珍品お宝発掘隊第3弾。
林 義樹(1990)教育工学に関する基礎的研究 : 第2章スキナーとティーチング・マシーンの理論化 中村学園研究紀要(人文・社会科学編), 22, 65-73.
スキナーの生い立ちから、ティーチングマシンを開発するにいたった経過まで解説している論文を発見。
娘の授業参観に行ったとき、その授業があまりにひどかったので、ラボに帰ってさっそくティーチングマシンの開発に取りかかったというエピソード。
つまり、当時の学習心理学からわかっていた教えるためにすべきことはほとんどせず、すべきではないことばかりしていたという、学校教育における研究と実践のギャップがきっかけだったという話。
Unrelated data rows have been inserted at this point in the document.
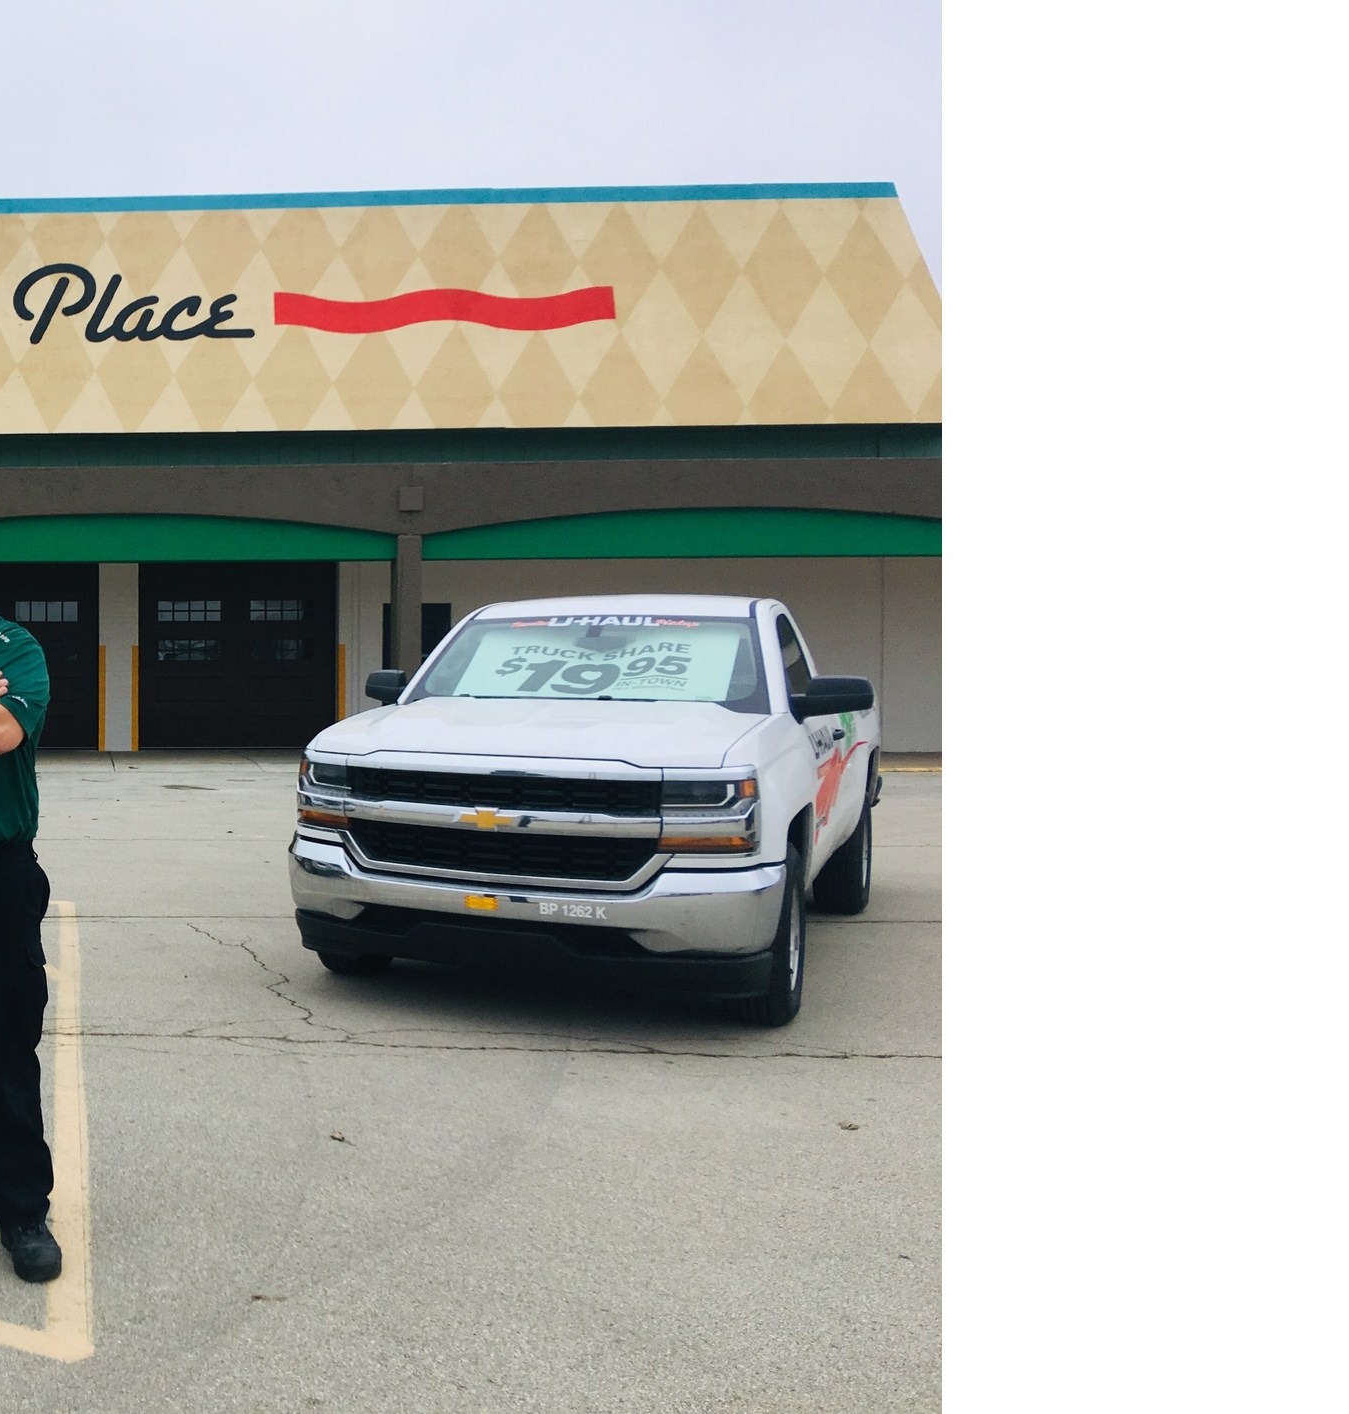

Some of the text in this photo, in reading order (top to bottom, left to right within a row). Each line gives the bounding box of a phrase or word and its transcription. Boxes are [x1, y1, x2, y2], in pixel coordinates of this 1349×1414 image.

[13, 263, 255, 344] Place
[547, 616, 660, 627] U-HAUL
[512, 642, 692, 661] TRUCK SHARE
[616, 677, 687, 688] IN-TOWN
[539, 902, 607, 919] BP 1262 K
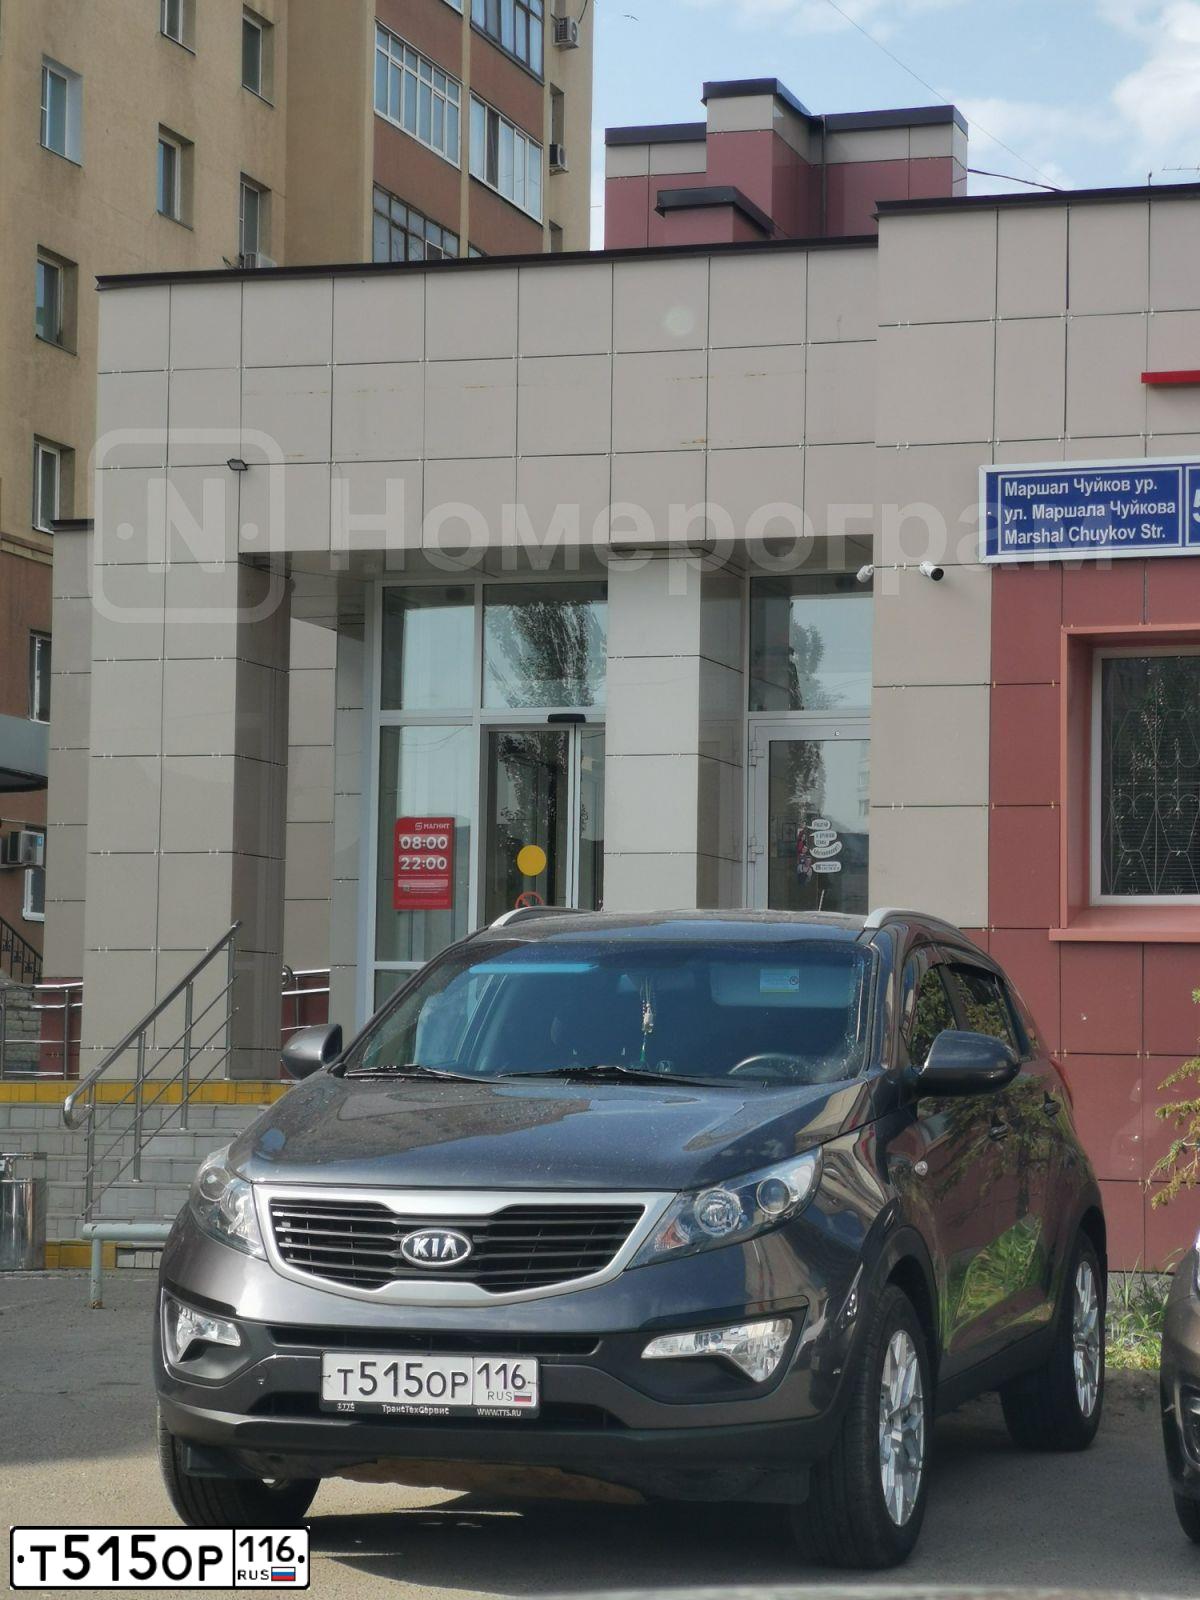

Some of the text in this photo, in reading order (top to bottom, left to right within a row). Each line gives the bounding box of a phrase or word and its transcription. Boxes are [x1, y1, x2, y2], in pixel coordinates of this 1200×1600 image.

[1005, 477, 1158, 499] Маршал Чуйков ур.
[1004, 507, 1027, 524] ул.
[1032, 502, 1105, 522] Маршала
[1110, 500, 1175, 518] Чуйкова
[1005, 523, 1166, 545] Marshal Chuykov Str.
[401, 836, 448, 850] 08:00
[401, 857, 447, 870] 22:00
[413, 1236, 458, 1258] KIA
[337, 1361, 468, 1398] Т515ОР
[476, 1362, 526, 1390] 116
[487, 1391, 513, 1402] RUS
とても興味深い。
ティーチングマシンの3大先駆者と言われる、スキナー、プレッシー、クラウダーの比較もなされているが、このへんは概論教科書的かな。
インストラクショナルデザインに関して、スキナー(というより行動分析学)のアプローチが他のアプローチと決定的に異なるのは、データを元にユーザーテストを重ね、教育目標の達成を保証するプログラムをつくるところにあると思うのだが、残念ながらこの点はふれられていない。
「CAIは、今後、プレッシーはおろか、スキナーやクラウダーの名前さえ知らない人々によって、コースウェアが開発される運命なのである」(p.72)
「CAI」を「e-Learning」とか「WBT(Web-Based Training)」に変えれば、見事、現状にあてはまる。残念なことだが、お見事な予測。